HKCert
Security Blog

Watch out for Phishing Attacks Using False Information on Infectious Disease

Release Date: 04 / 02 / 2020
Last Update: 04 / 02 / 2020

When many countries are doing their best to combat the novel coronavirus, cyber security researchers have found that hacker groups have been preying on the fears of human to launch a new round of malicious spam (malspam) attacks to spread the Emotet trojan.

 

According to researchers’ observations, hackers would pose as a disability welfare service provider and send an email attached with an "infection report" alike document embedded with malicious script to their potential victims [1]. Once the recipient opens the infected document and executes the script, it will automatically download the payload and install a trojan to the victim's personal information [2]. Researchers also found that hackers have used similar methods to send malicious documents in the name of epidemic information to victims in different file formats, including PDF, MP4, DOC, etc [3].

 

HKCERT noted the attacks are targeting Japan for the time being, but it is very likely that similar attacks will target other areas affected by the novel coronavirus including Hong Kong!
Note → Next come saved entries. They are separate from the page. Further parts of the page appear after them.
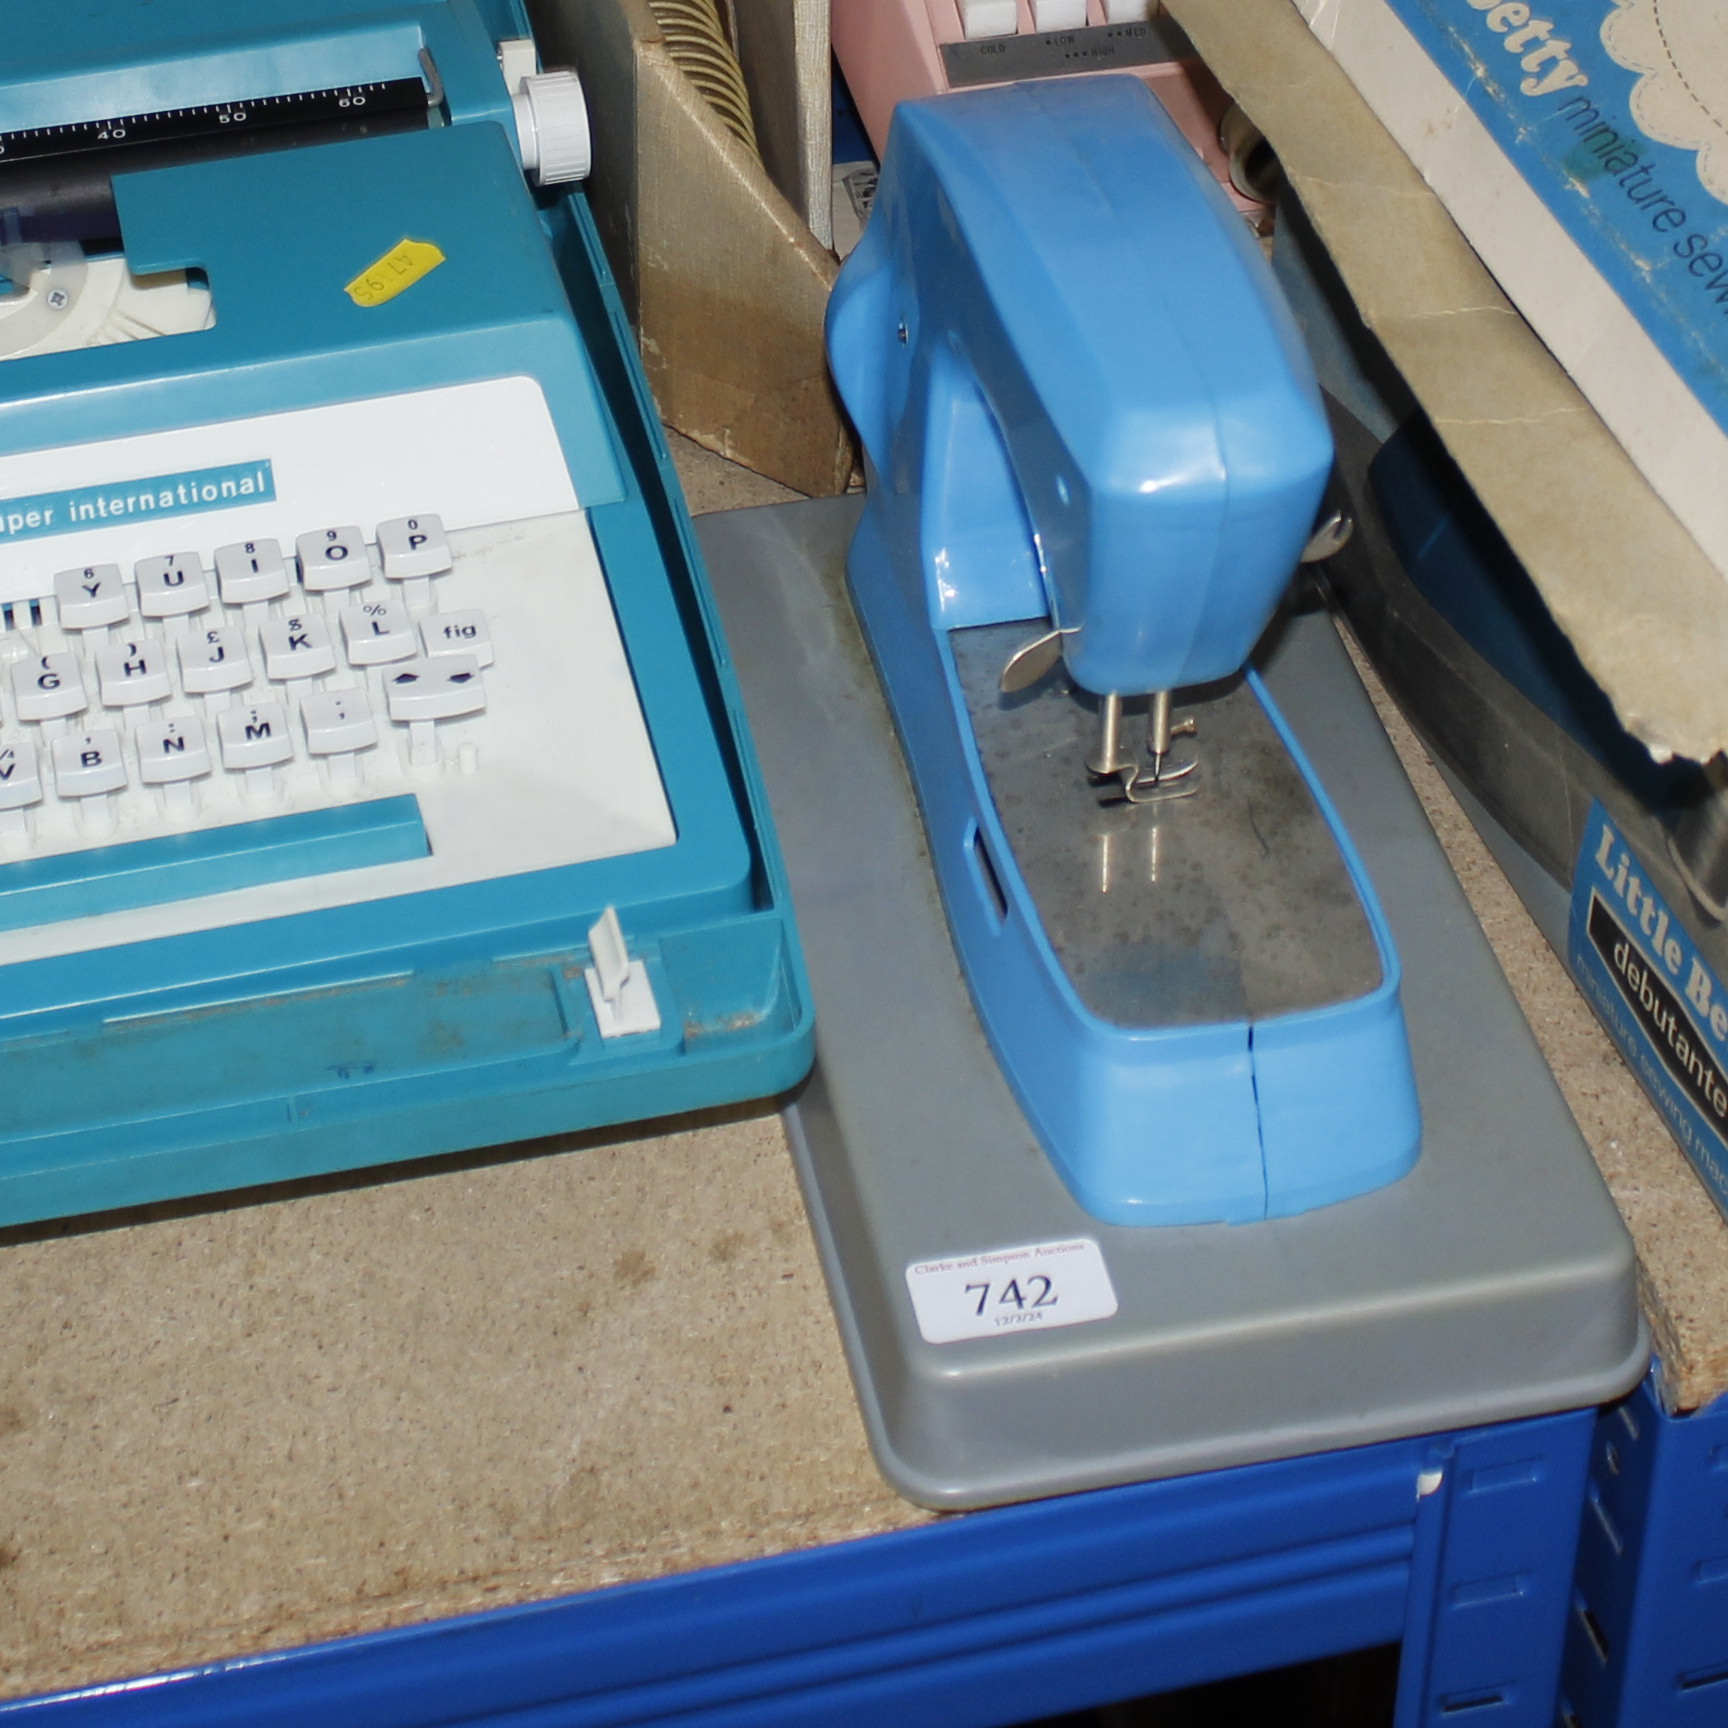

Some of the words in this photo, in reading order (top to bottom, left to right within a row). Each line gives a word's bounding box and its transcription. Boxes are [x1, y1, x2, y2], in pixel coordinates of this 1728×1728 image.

[1125, 28, 1146, 36] MED
[980, 44, 1006, 54] COLD
[1091, 47, 1115, 58] HIGH
[338, 96, 366, 107] 60
[219, 111, 247, 124] 50
[97, 128, 126, 140] 40
[1558, 94, 1686, 232] miniature
[69, 470, 266, 522] international
[327, 531, 337, 541] 9
[409, 535, 427, 550] P
[245, 543, 255, 554] 8
[326, 546, 348, 560] O
[164, 556, 174, 566] 7
[251, 559, 258, 572] I
[84, 569, 94, 578] 6
[164, 571, 184, 586] U
[82, 582, 100, 598] Y
[363, 604, 387, 616] %
[372, 621, 389, 635] L
[443, 626, 476, 639] fig
[207, 631, 220, 644] £
[289, 634, 312, 650] K
[209, 647, 224, 663] J
[124, 659, 146, 676] H
[38, 674, 60, 690] G
[245, 723, 271, 740] M
[164, 736, 184, 753] N
[81, 751, 102, 768] B
[1594, 824, 1683, 975] Little
[1614, 941, 1728, 1117] debutante
[1577, 954, 1637, 1057] miniature
[1641, 1053, 1693, 1146] sewing
[914, 1264, 953, 1275] Clarke
[957, 1259, 977, 1269] and
[981, 1251, 1030, 1265] Simpson
[1034, 1243, 1085, 1258] Auctions
[965, 1275, 1058, 1316] 742
Therefore, HKCERT urges everyone to stay vigilant at all times.

 

Security Recommendations: 

 

1. Install anti-malware software and keep it up to date;
2. Do not click or open links in unsolicited messages in email, instant messaging and social media;
3. Verify the sender before clicking any links, opening any attachments or providing any information.
4. Order masks or personal cleaning products from reputable supplier websites only.
5. Do not spread unsolicited information.

 

Reference Link: 


[1]     https://exchange.xforce.ibmcloud.com/collection/18f373debc38779065a26f1958dc260b

[2]     https://www.bleepingcomputer.com/news/security/emotet-uses-coronavirus-scare-to-infect-japanese-targets/

[3]     https://threatpost.com/coronavirus-propagate-emotet/152404/